▶ _Dataset records_:
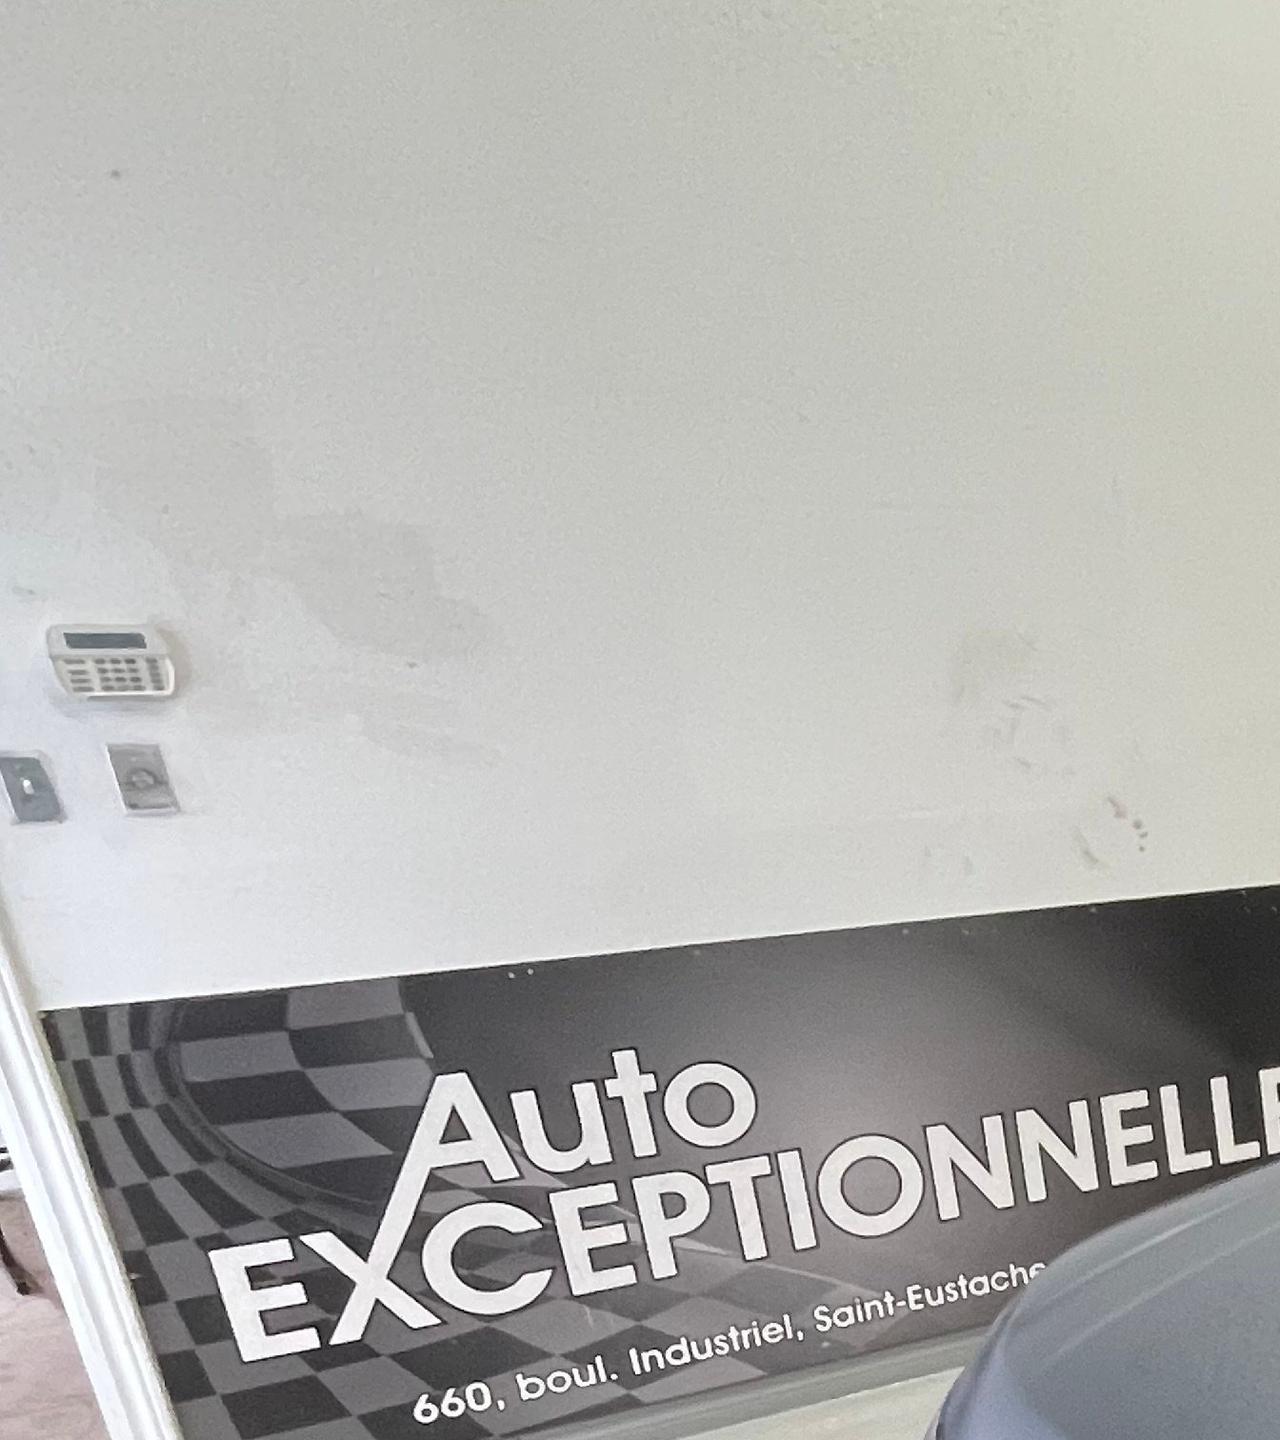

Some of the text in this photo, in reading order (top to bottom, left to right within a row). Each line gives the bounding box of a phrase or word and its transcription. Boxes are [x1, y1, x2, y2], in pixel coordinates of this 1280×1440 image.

[389, 1048, 757, 1200] Auto
[412, 1380, 506, 1425] 660,
[515, 1355, 619, 1402] boul.
[628, 1313, 805, 1377] Industriel,

▶ _Task statement_:
Without the pictures, restate all of the entries above verbatim.

▶ _Reply_:
Some of the text in this photo, in reading order (top to bottom, left to right within a row). Each line gives the bounding box of a phrase or word and its transcription. Boxes are [x1, y1, x2, y2], in pixel coordinates of this 1280×1440 image.

[389, 1048, 757, 1200] Auto
[412, 1380, 506, 1425] 660,
[515, 1355, 619, 1402] boul.
[628, 1313, 805, 1377] Industriel,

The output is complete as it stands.